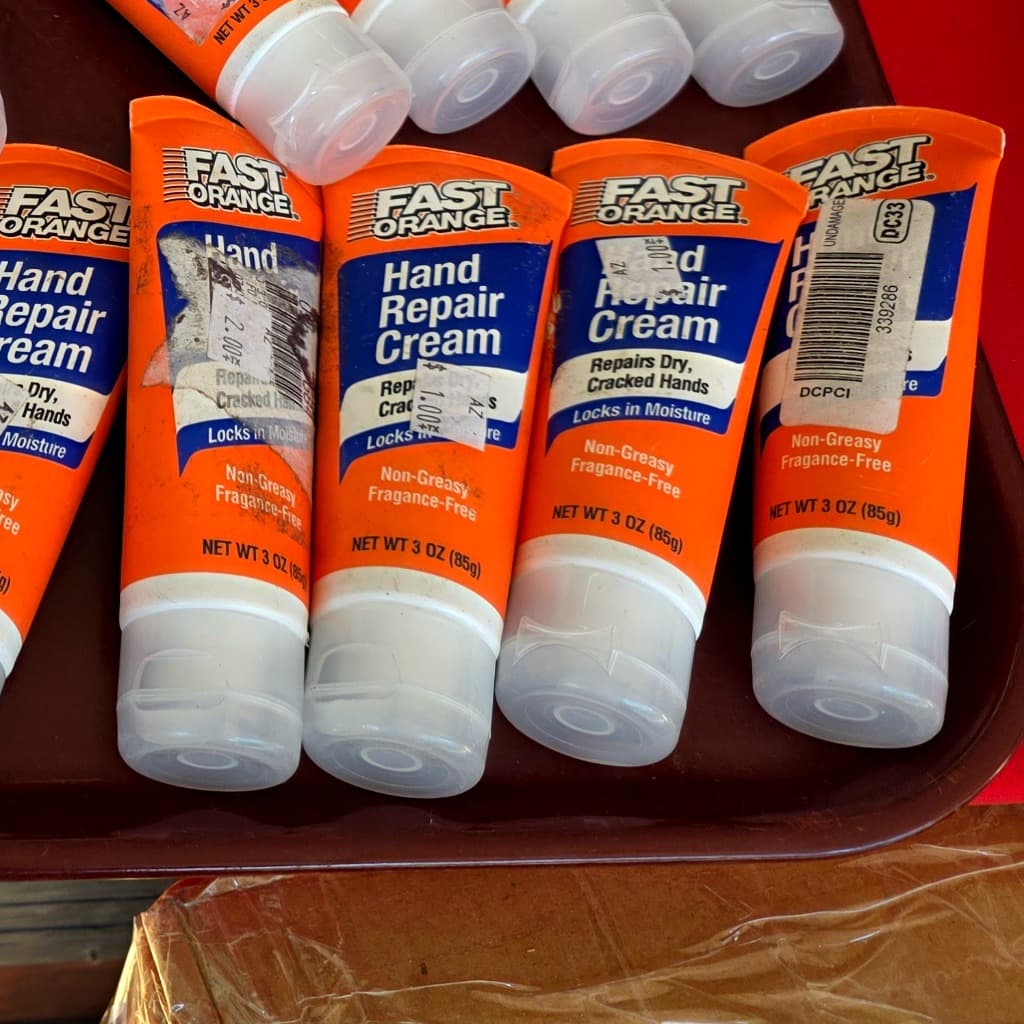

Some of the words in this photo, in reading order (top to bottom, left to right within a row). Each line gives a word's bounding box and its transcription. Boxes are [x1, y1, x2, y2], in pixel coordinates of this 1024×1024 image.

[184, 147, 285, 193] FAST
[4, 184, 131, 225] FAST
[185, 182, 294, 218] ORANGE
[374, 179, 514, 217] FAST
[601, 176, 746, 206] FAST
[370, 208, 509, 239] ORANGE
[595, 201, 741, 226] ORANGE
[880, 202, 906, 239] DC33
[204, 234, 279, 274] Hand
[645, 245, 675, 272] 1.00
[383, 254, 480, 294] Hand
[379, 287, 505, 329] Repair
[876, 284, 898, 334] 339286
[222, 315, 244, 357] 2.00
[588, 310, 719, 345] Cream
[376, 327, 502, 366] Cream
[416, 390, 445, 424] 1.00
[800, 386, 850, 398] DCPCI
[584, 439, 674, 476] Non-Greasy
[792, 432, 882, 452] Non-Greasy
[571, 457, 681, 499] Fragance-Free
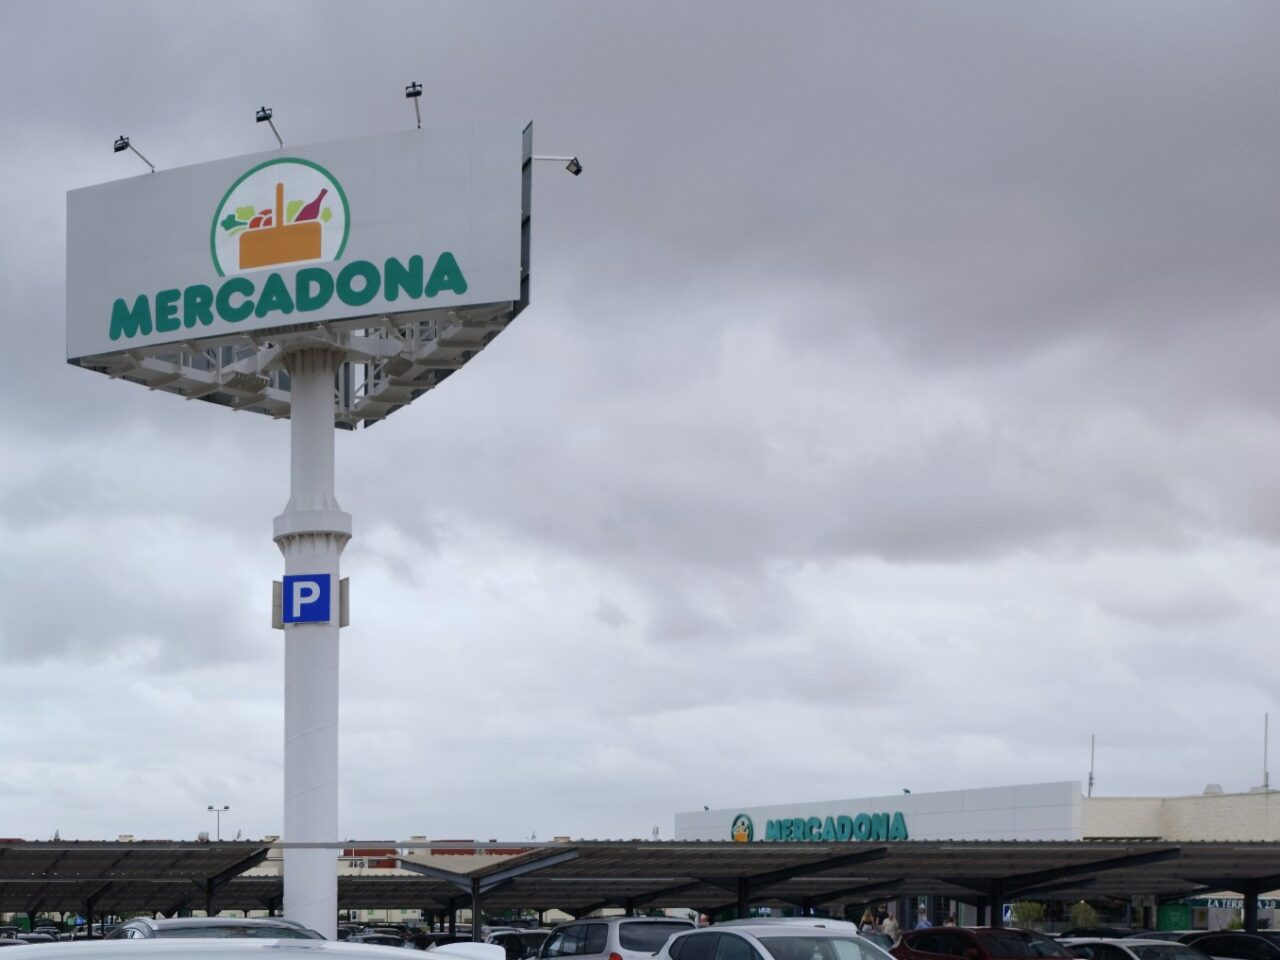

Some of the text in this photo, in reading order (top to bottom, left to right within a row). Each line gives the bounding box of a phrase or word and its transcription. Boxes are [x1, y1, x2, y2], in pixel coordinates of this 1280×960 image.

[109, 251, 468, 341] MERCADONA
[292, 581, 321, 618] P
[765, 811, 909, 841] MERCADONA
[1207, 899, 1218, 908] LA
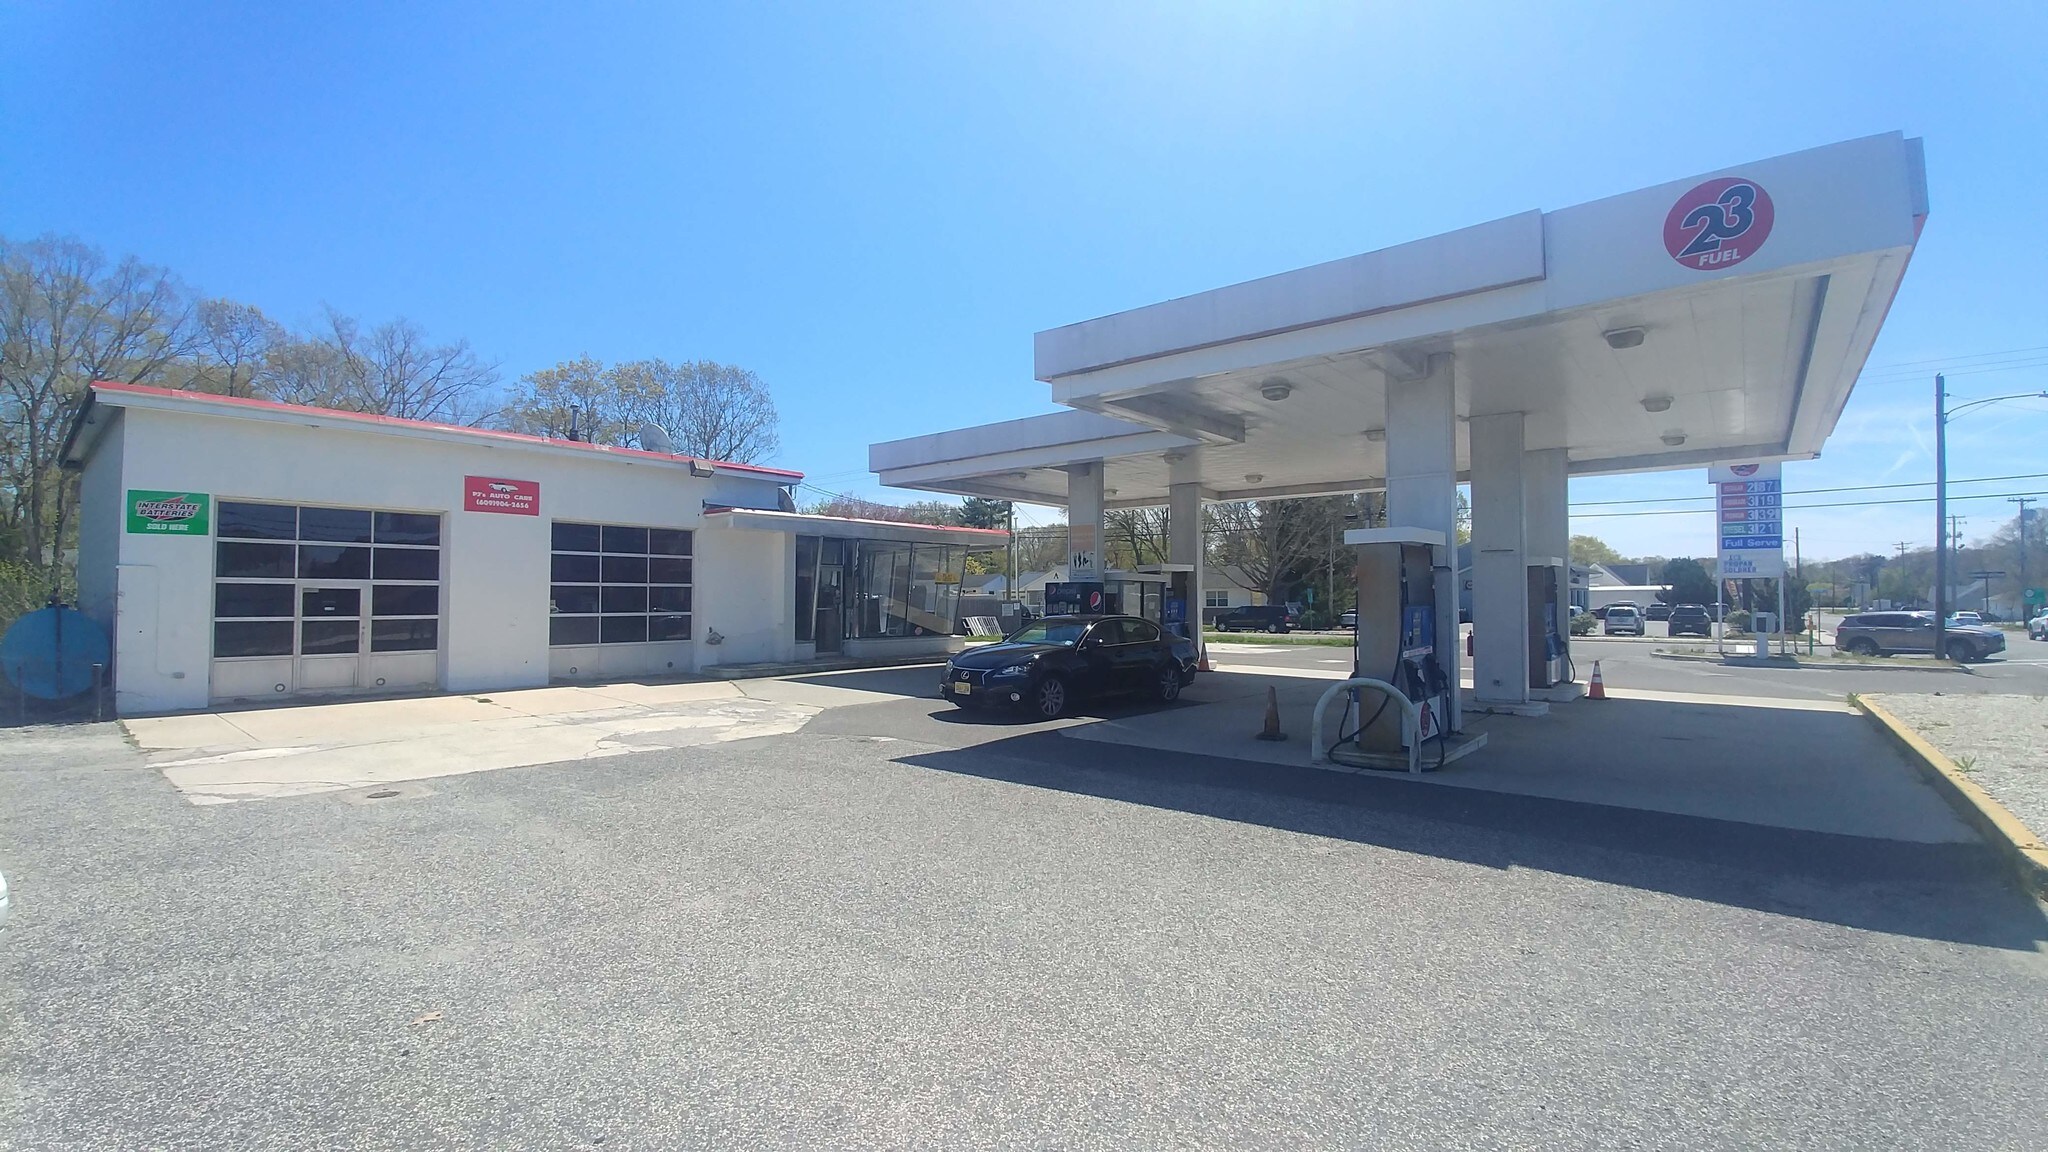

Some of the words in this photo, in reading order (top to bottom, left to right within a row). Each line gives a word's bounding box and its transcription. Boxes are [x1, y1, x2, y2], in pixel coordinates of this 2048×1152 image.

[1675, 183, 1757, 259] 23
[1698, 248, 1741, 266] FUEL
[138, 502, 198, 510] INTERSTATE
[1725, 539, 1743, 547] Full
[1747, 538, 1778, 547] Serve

→ **Exercise description**:
Print the material in full and exactly, minus the pictures.

→ **Solution**:
Some of the words in this photo, in reading order (top to bottom, left to right within a row). Each line gives a word's bounding box and its transcription. Boxes are [x1, y1, x2, y2], in pixel coordinates of this 1024×1024 image.

[184, 147, 285, 193] FAST
[4, 184, 131, 225] FAST
[185, 182, 294, 218] ORANGE
[374, 179, 514, 217] FAST
[601, 176, 746, 206] FAST
[370, 208, 509, 239] ORANGE
[595, 201, 741, 226] ORANGE
[880, 202, 906, 239] DC33
[204, 234, 279, 274] Hand
[645, 245, 675, 272] 1.00
[383, 254, 480, 294] Hand
[379, 287, 505, 329] Repair
[876, 284, 898, 334] 339286
[222, 315, 244, 357] 2.00
[588, 310, 719, 345] Cream
[376, 327, 502, 366] Cream
[416, 390, 445, 424] 1.00
[800, 386, 850, 398] DCPCI
[584, 439, 674, 476] Non-Greasy
[792, 432, 882, 452] Non-Greasy
[571, 457, 681, 499] Fragance-Free

Some of the text in this photo, in reading order (top to bottom, left to right within a row). Each line gives the bounding box of a phrase or word and its transcription. Boxes are [x1, y1, x2, y2], in pixel coordinates of this 1280×960 image.

[109, 251, 468, 341] MERCADONA
[292, 581, 321, 618] P
[765, 811, 909, 841] MERCADONA
[1207, 899, 1218, 908] LA

Some of the words in this photo, in reading order (top to bottom, left to right within a row). Each line gives a word's bounding box and its transcription. Boxes are [x1, y1, x2, y2], in pixel coordinates of this 2048×1152 image.

[1675, 183, 1757, 259] 23
[1698, 248, 1741, 266] FUEL
[138, 502, 198, 510] INTERSTATE
[1725, 539, 1743, 547] Full
[1747, 538, 1778, 547] Serve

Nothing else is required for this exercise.